2. method according to claim 1, is characterized in that, the described method of presorting comprises:

(1) extract web page title content, compare with antistop list in knowledge base, judge word generic, add up word in the title occurrence frequency in of all categories; (2) if the uni-gram frequency belonging to certain classification is maximum, then think that webpage belongs to this classification; (3) if the uni-gram frequency belonging to two classifications is equal, then compare category preferences, be divided into the classification that priority is larger; (4) if priority is identical, then presort unsuccessfully, need to use SVM classifier to continue classification.
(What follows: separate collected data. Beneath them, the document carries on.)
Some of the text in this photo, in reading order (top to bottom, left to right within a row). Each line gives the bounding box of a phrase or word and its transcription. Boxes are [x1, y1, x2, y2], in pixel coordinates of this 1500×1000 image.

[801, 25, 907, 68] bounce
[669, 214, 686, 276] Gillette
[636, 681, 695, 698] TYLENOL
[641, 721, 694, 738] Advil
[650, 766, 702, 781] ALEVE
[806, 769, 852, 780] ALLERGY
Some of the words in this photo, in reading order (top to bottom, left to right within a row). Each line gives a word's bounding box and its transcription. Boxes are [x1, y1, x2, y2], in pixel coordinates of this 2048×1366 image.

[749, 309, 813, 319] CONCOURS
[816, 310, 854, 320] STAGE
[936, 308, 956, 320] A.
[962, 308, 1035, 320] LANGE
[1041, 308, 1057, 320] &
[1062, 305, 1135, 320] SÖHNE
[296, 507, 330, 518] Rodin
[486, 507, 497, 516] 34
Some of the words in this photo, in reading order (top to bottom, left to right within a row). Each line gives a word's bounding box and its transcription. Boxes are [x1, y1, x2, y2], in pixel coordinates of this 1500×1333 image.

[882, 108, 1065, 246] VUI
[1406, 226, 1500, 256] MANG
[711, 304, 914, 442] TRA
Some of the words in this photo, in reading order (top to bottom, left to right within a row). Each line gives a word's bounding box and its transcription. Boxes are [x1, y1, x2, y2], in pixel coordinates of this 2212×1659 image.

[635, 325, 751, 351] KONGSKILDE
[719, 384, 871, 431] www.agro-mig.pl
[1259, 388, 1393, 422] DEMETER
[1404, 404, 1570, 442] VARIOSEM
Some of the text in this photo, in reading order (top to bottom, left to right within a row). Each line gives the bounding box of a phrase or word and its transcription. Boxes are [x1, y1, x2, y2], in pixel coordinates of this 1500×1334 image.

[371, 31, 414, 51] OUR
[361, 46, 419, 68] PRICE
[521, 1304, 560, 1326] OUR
3. method according to claim 1, is characterized in that, described knowledge base creates and comprises:

(1) mark by the <title> of all webpages in each classification extraction training set the content comprised, and word segmentation processing is carried out to it, then add up word frequency respectively, and by word frequency descending sort; (2) using selected part from these words as the knowledge base of classifying in advance, the principle chosen is the word that word frequency is the highest from each classification, check whether it occurred in other classifications, if do not occurred in other classifications, then it is chosen for such other knowledge base.

4. method according to claim 1, is characterized in that, the establishment principle of described SVM classifier comprises:

(1) given training set is established

T∈{(x ₁，y ₁)，(x ₂，y ₂)，…，(x _i，y _i)}∈(X*Y) ^l

Wherein, x _i∈ X=R ⁿ, y _i∈ Y={-1,1}, i=1,2 ..., l

(2) select applicable kernel function K (x, x ') and punishment parameter C, construct and solve following optimization problem:

0≤α _i≤Ci＝1，2，3…l

Obtain optimum solution

(4) decision function is constructed

。

5. method according to claim 4, it is characterized in that, the building method of described proper vector comprises:

(1) usage space vector model (VectorSpaceModel) will treat that training webpage body text converts proper vector to; In the model, each text document is expressed as following proper vector:

V(d)＝(t ₁，ω ₁(d)；t ₂，ω ₂(d)；…；t _n，ω _n(d)；)

Wherein t _ifor characteristic item, ω _id () is t _iweight in a document;

(2) characteristic item weights omega in a document _id () can use the traditional Weight algorithm based on TF-IDF to calculate, computing formula is as follows:

Wherein, tf _id () is t _ithe frequency occurred in document d, N is the total number of files in document sets, n _kfor there is characteristic item t _knumber of files;

(3) in Web page representation, the weighted value of two factor effect characteristics items is had: one is the frequency that characteristic item occurs in a document, and one is the position that characteristic item occurs in a document; Adopt the method for diverse location Feature Words being given to different weight factor, weight factor computing formula is as follows:

Wherein, represent the average word frequency of core word, represent the average word frequency of non-core word, d _kand N _kbe respectively core word word frequency and core word number, d ₀and N ₀be respectively non-core word word frequency and non-core word word number; Core word comprises the word that in word in <title> and <meta> mark, keywords, description position occurs, all the other are non-core word.